Toutefois, malgré le contexte international, la demande étrangère a moins ralenti que la demande nationale, cette dernière enregistrant une baisse particulièrement marquée dans les équipements électriques et électroniques et les autres machines. La hausse des coûts des matières premières a été ce mois-ci partiellement répercutée sur les prix des produits finis. Pour juin, une reprise de l’activité est attendue, accompagnée d’une nouvelle progression des prix.

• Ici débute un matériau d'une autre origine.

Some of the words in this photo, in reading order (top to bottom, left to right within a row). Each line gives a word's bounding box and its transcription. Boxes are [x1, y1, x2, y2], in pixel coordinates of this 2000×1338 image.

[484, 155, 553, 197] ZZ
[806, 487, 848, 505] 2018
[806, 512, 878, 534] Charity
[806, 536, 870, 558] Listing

Dans les services marchands, l’activité s’est raffermie en mai, avec des évolutions toutefois hétérogènes selon les secteurs. Les prix ont poursuivi leur progression, tirés par le secteur des transports et de l’entreposage, particulièrement exposé au renchérissement des carburants. Les niveaux de trésorerie se sont maintenus en deçà du niveau jugé normal. En juin, l’activité devrait continuer de progresser, soutenue par une demande plus vigoureuse. Les prix pourraient être de nouveau relevés, tandis que les effectifs seraient très légèrement renforcés.

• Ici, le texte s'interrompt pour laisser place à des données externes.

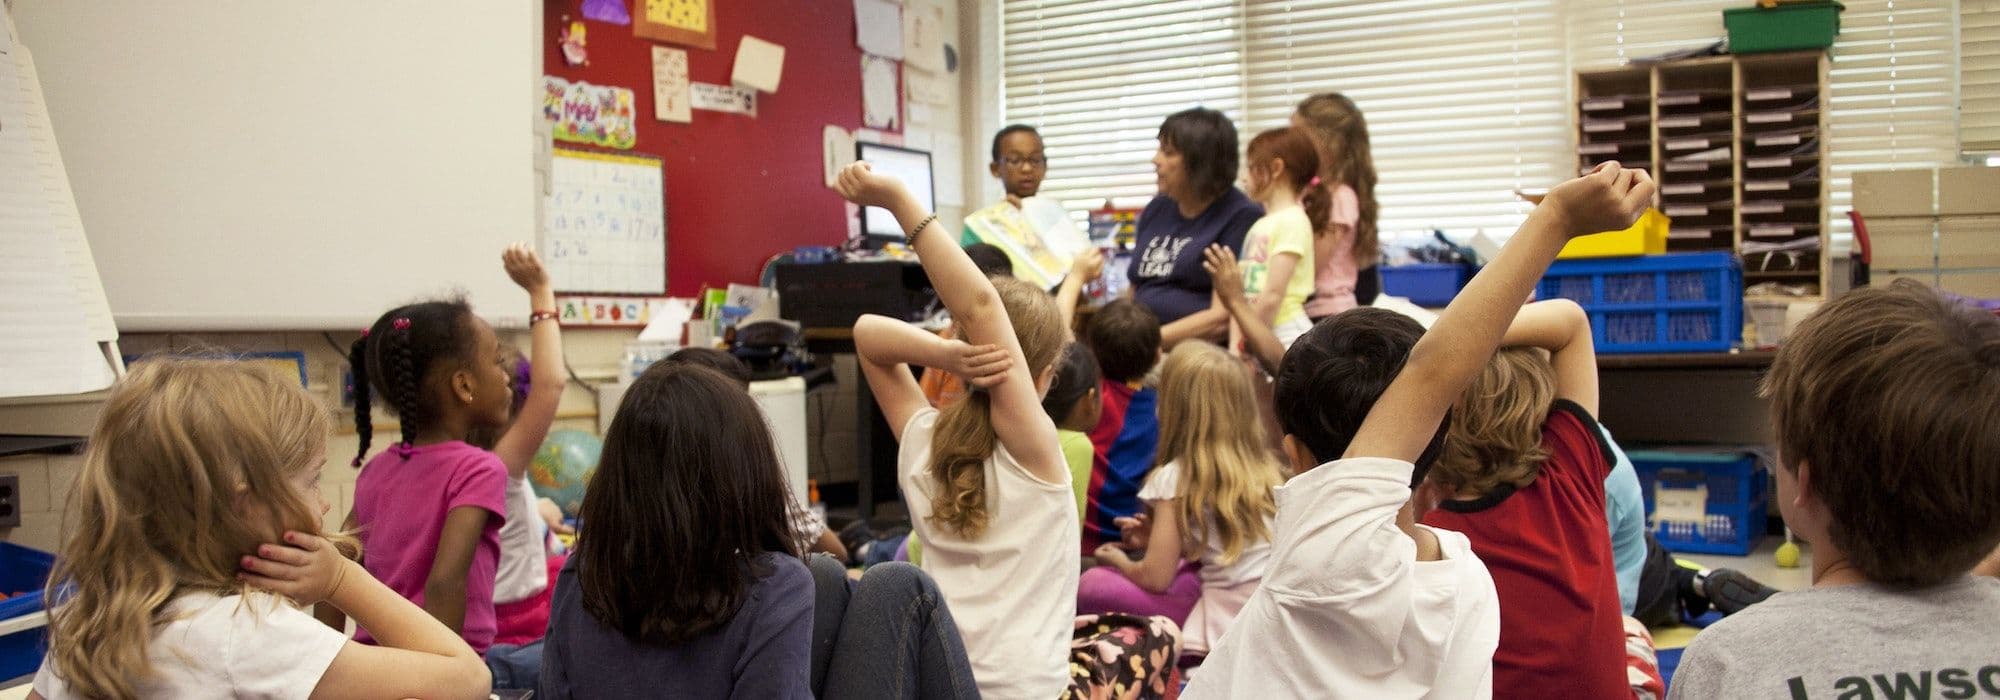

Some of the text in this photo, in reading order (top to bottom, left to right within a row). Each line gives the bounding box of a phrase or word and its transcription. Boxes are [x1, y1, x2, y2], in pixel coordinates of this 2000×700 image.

[563, 303, 638, 320] A B C
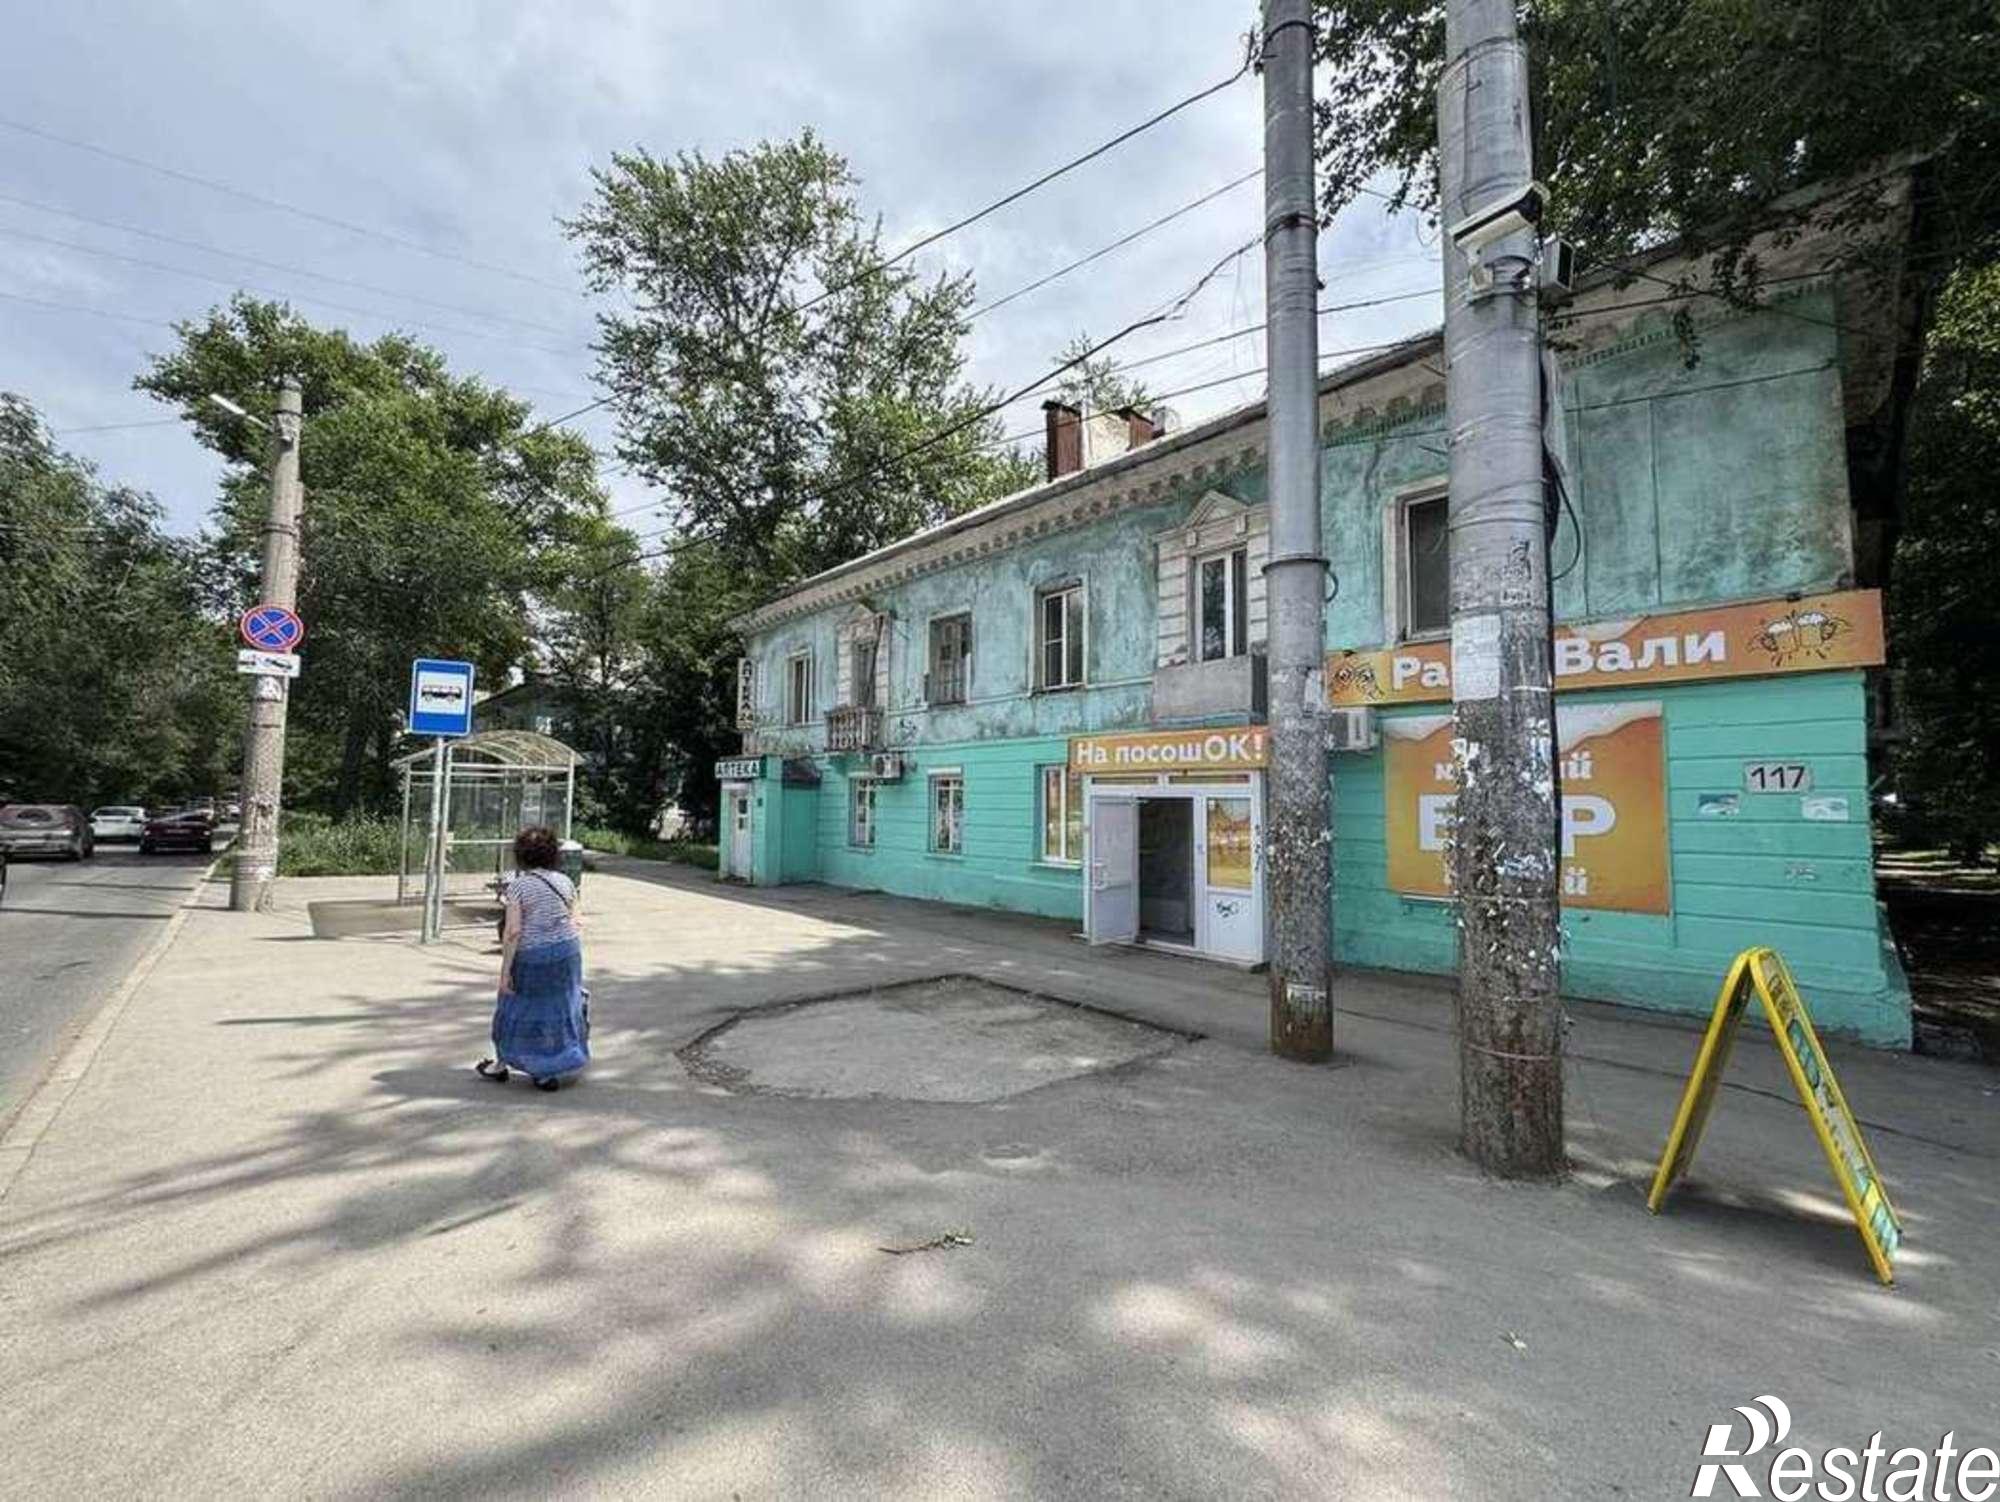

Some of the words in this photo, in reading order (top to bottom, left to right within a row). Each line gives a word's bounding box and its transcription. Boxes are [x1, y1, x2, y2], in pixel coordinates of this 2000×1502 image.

[1077, 742, 1108, 764] На
[1114, 733, 1263, 764] посошОК!
[1752, 766, 1805, 789] 117

Dans le bâtiment, malgré les effets de la situation internationale (hausse des prix du carburant et des matières premières), le secteur fait preuve de résilience. Cependant, les performances varient selon les branches. Ainsi, dans le gros oeuvre, les carnets de commandes et les prix sont dégradés, à l’inverse du second oeuvre où les prix des devis ont enregistré une nouvelle progression. Pour juin, l’activité évoluerait peu, tandis que les prix pourraient poursuivre leur progression.